Dufrenne explains that Sound Healing is complementary to Yoga but they are different practices. Yoga is dynamic and involves body movement and stretching whereas sound healing is a passive activity focused on relaxation.

She says that sound healing is for one person or a maximum of maybe two people. If there are more than two people then it is properly called a sound bath. Sound baths are less intense but still helpful for entering meditative states and they are typically done with up to 15 to 20 people.

In her studio she has a collection of 16 bowls with Tingshyas bells. This set is from Nepal where the best quality bowls for sound healing – called Full Moon Singing Bowls – are made.

The long and deep vibrations of the singing bowls are due to the composition of metals they are made from. The bowls are hand-made by the light of a full-moon in Nepal. Hong Menea

The Full Moon bowls are made by hand on the night of a full moon. Dufrenne says that this enhances them by imbuing their vibrations with moon energy.

These singing bowls are chosen carefully by the sound healers who listen to them in order to find bowls with the best healing properties.

Dufrenne says that the long and deep vibration of the bowls is due to the combination of seven metals: gold, silver, mercury, iron, copper, tin and lead.

She also says different tools can be used to perform sound healing like gongs, tuning forks and even the voice.

“I use singing bowls also known as Himalayan Singing Bowls. So I practice singing bowl sound healing, but there are other kinds,” she says.

When performing a healing session she says she normally starts out by asking her students some questions about how they are feeling.

“First I want the client to feel comfortable and I talk to them to get a sense of their mood and their health,” she explains.

Then she has them lie down on their back or on their belly and she places the singing bowls around them and starts the bowls singing in different combinations by striking them like a bell.

“I begin by creating a sound wall around them to isolate negative or external energy and then I place the bowls around the body in particular locations due to the nature of the chakras and the body organs related to them.

She says she also places the bowls directly on a person’s body depending on the situation and that person’s needs.

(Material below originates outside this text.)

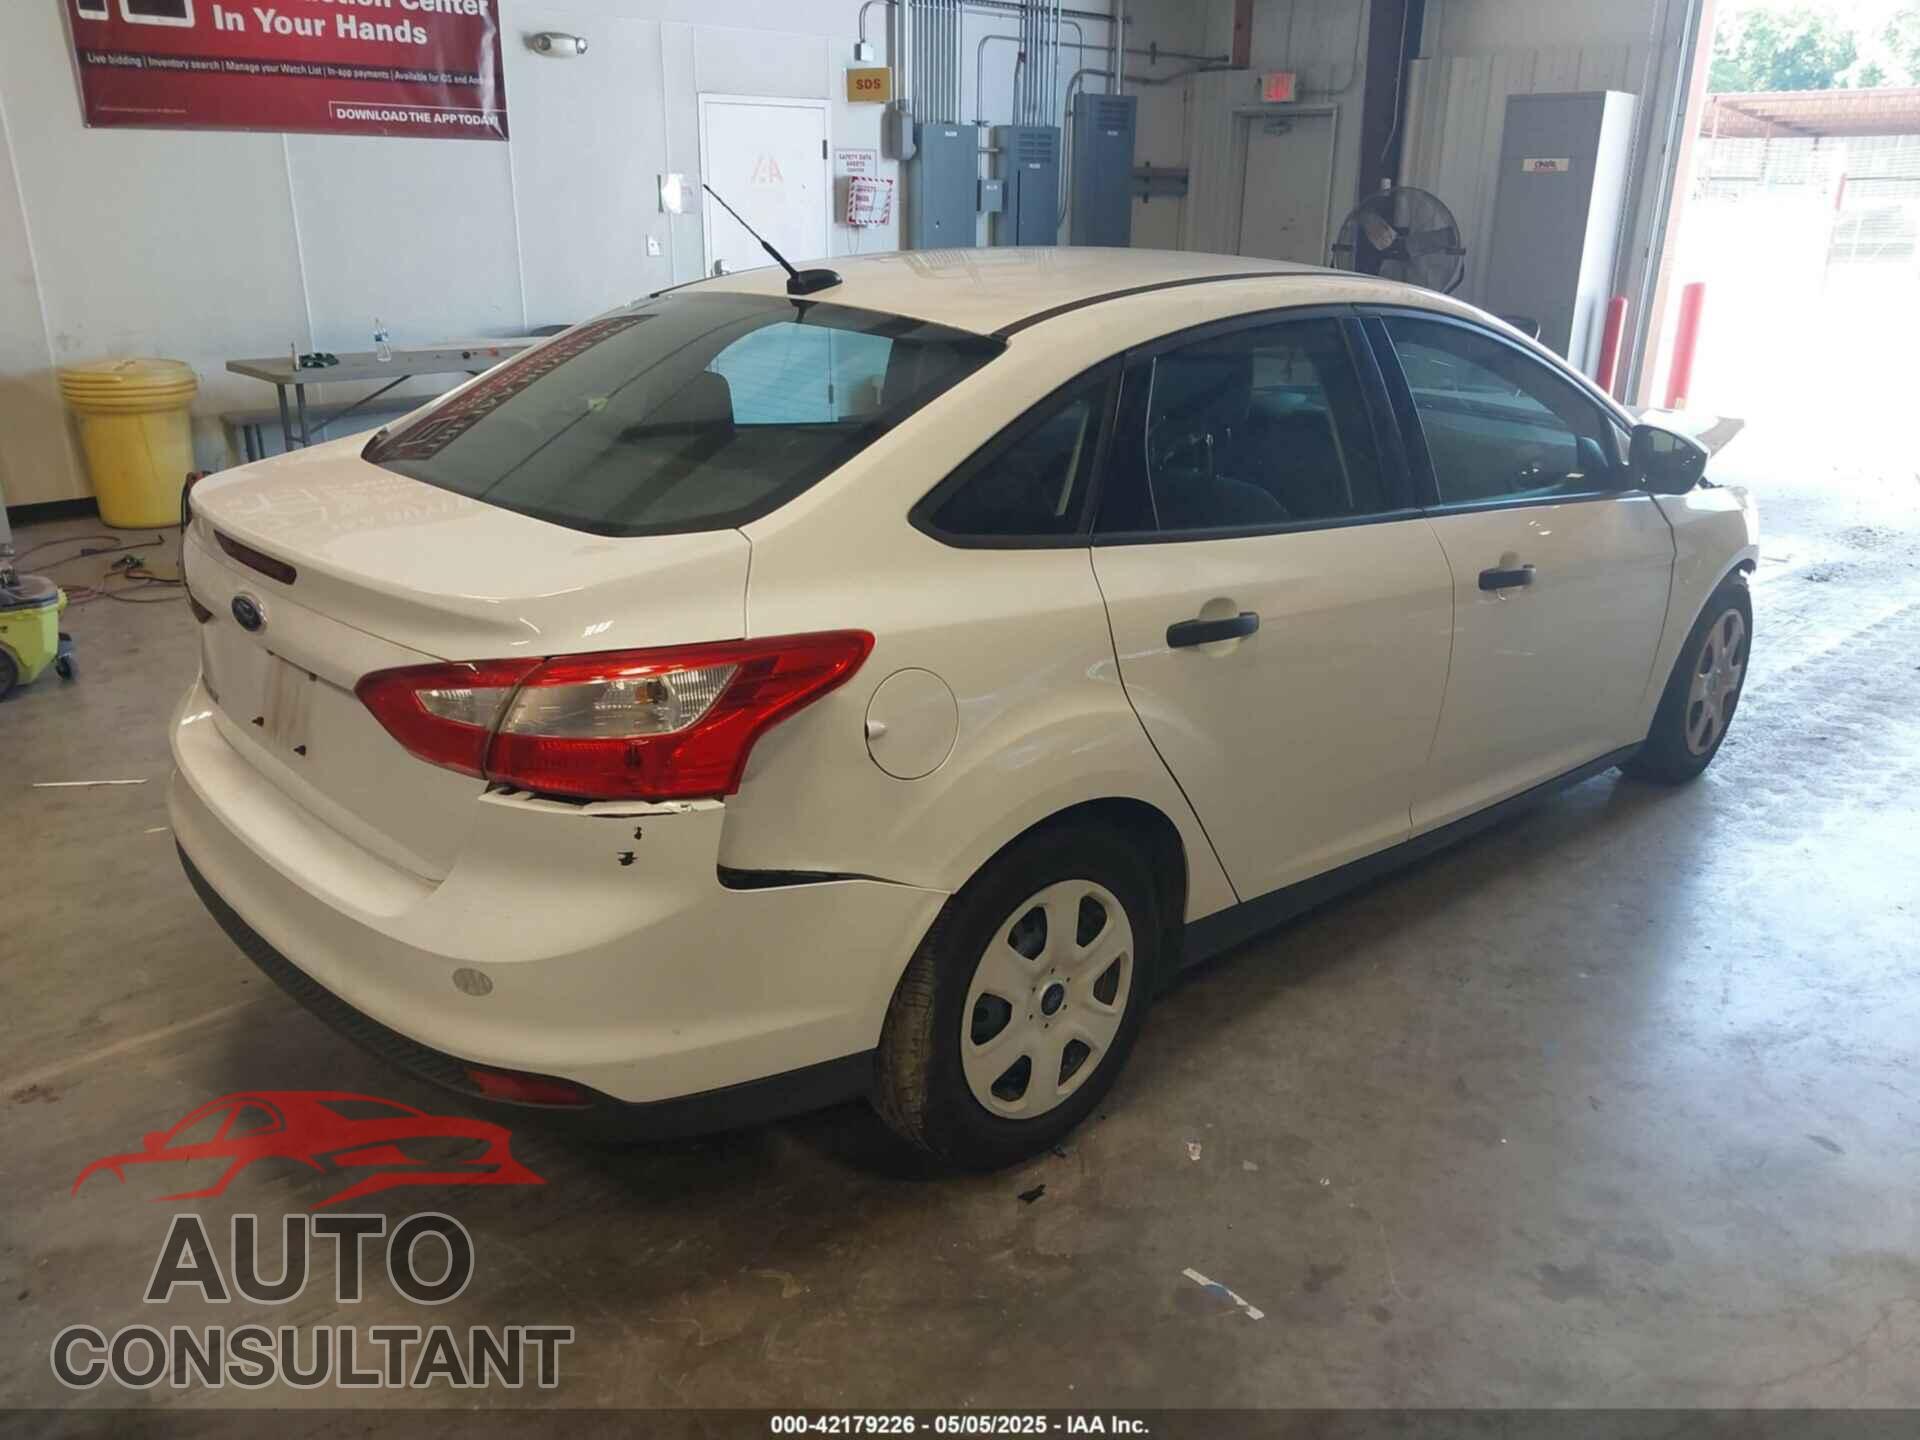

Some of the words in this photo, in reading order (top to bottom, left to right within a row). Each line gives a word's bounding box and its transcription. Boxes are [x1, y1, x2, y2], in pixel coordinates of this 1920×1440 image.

“Then I balance their chakras and read their aura. After the session I ask the client about what they experienced and I tell the client about what I observed and give advice on which energies they need to focus on for further healing in their daily life,” she says.

Dufrenne says that according to the training she received in India sound healing works via something called the “law of vibration” which states that everything in the universe moves and vibrates and everything therefore has its own vibrating frequency.

She says that a healthy body vibrates at around 68-72 MHz and that when people are ill or stressed it creates an imbalance in the cells or organs and this makes people vibrate at a frequency of 60 MHz or lower.

Dufrenne believes that by using singing bowls you can increase the vibration frequency in people’s bodies and that this produces beneficial changes by clearing “energy blockages” which facilitates both physical and mental healing.

She says it can reduce stress, stabilises mood, lower blood pressure, improve quality of sleep and treat mental illness.

Dufrenne says she continues to build on her skills by reading books and performing healings on a regular basis as well as by gathering feedback from her clients to better understand what they find most beneficial to them.

And having spent the past two years doing sound healing sessions she has received an ample amount of feedback from clients and it has been overwhelmingly positive.

“People just love how it feels! I have a lot of regular clients. It’s an experience that you have to go through in order to understand it,” she says.

She says that most people who try it end up being repeat customers chiefly because they find it very relaxing, but it’s also a fun and unique experience.

“It takes you deep into yourself. What you will find there – within you – only you will know. It opens up so many possibilities – more than you will ever know,” she says.

Sound Healing Therapy at her studio is $35 for one person and $55 for couples. Sessions at the client’s home start at $55.